Começando pelo parque de estacionamento, passando pela recepção, restaurante, jardim, quartos… o Hotel Villa Batalha tem todos os seus espaços adaptados a pessoas com necessidades especiais. Com uma arquitectura moderna, este hotel possui 93 quartos e suites espaçosos, 8 deles já equipados para receber pessoas com mobilidade reduzida. Os restantes quartos estão preparados para neles poderem ser instaladas barras de apoio amovíveis, o que permite ao visitante escolher o quarto onde quer ficar, que pode facilmente ser adaptado às suas necessidades. Cada vez mais há pessoas com algum tipo de limitação na

mobilidade a procurar hotéis para fazer umas férias. De acordo com a direcção do hotel: “de há uns anos a esta parte sido feito um esforço adicional em termos de promoção e divulgação, pois sabemos que esta zona não é um destino em si, ainda, e sabemos que quem viaja não viaja só para ficar num hotel.
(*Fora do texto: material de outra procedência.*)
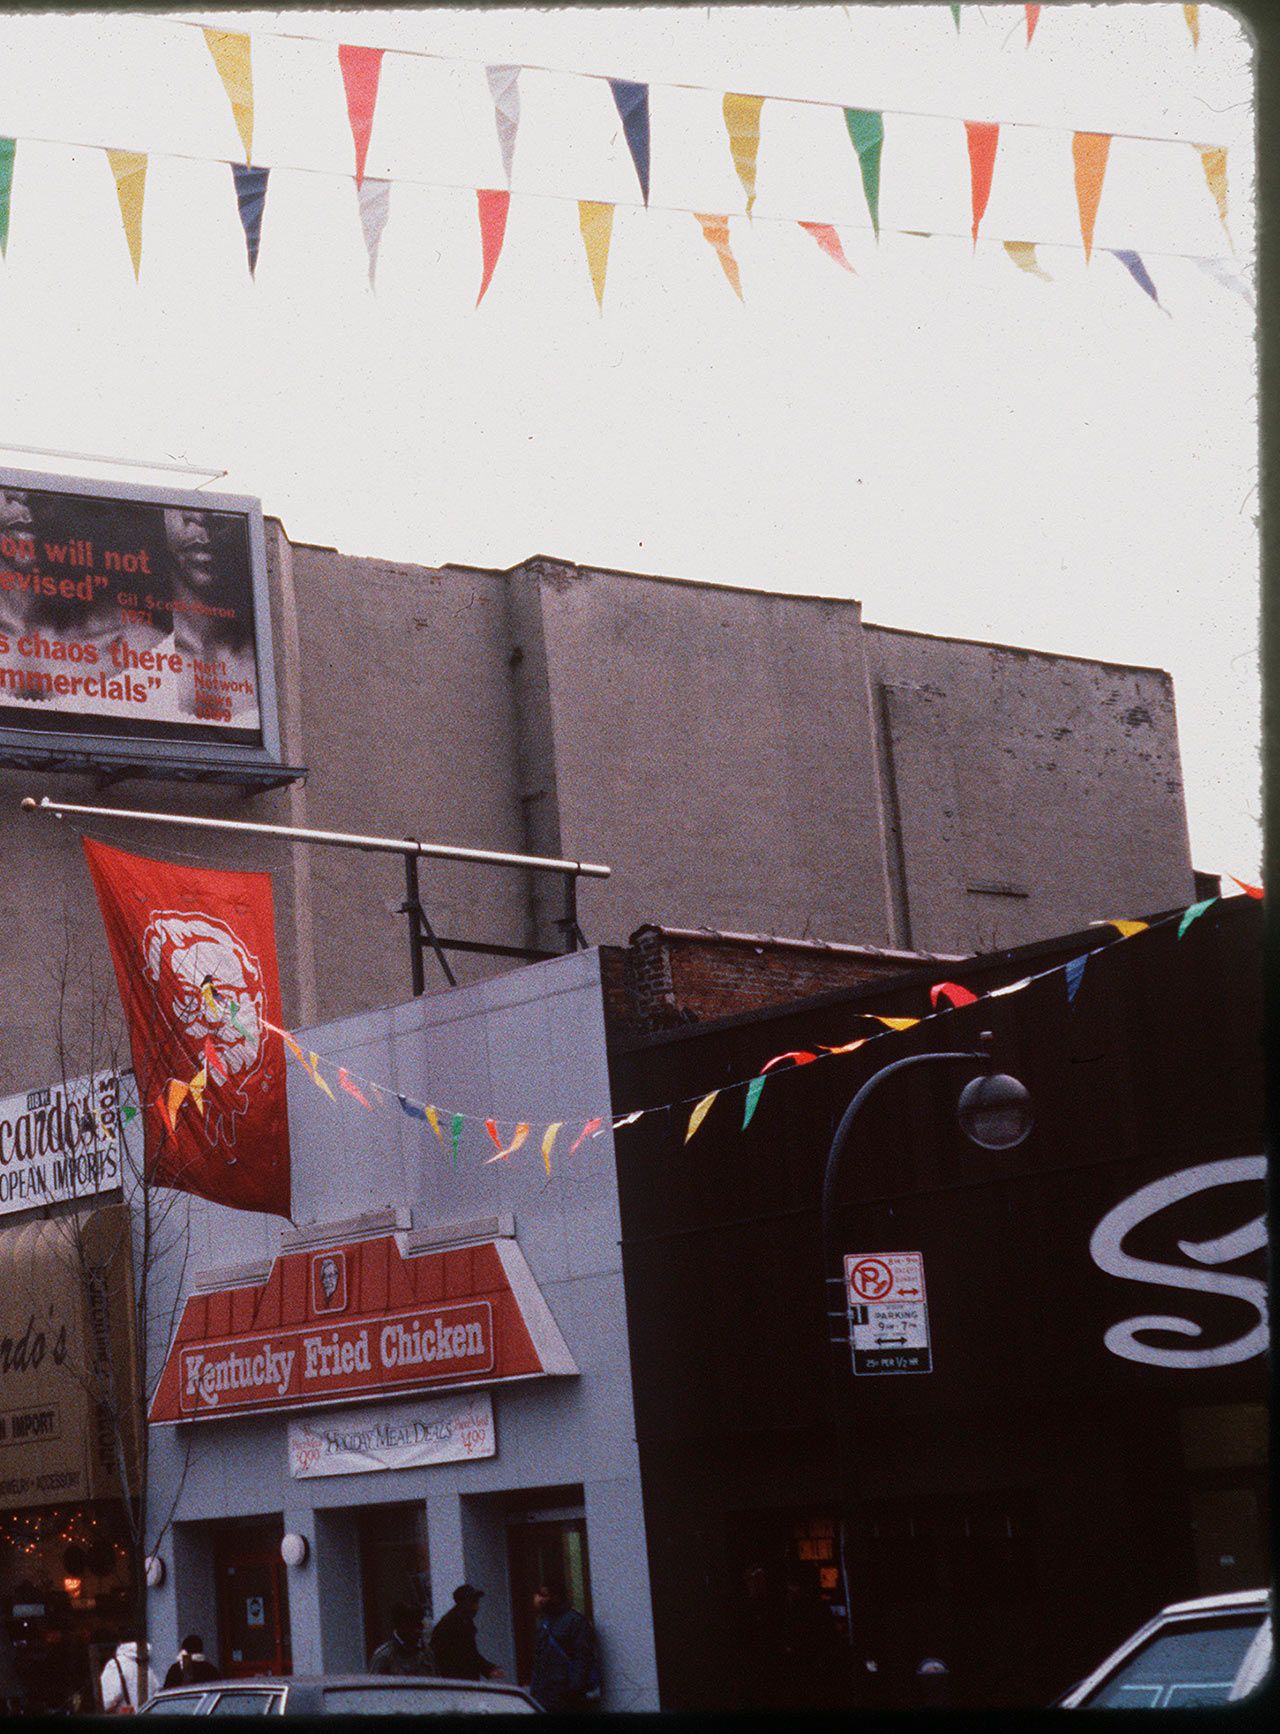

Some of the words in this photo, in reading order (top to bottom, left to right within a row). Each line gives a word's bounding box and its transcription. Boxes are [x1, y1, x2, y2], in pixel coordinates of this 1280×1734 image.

Portanto, temos que conjugar tudo e fazer um esforço no sentido de sensibilizar parceiros para que as pessoas que vêm possam ter também uma componente de actividades para desenvolver”. Para além de portugueses, o hotel já recebeu clientes com mobilidade reduzida da Polónia, do Brasil, do Reino Unido e, mais recentemente, de Israel.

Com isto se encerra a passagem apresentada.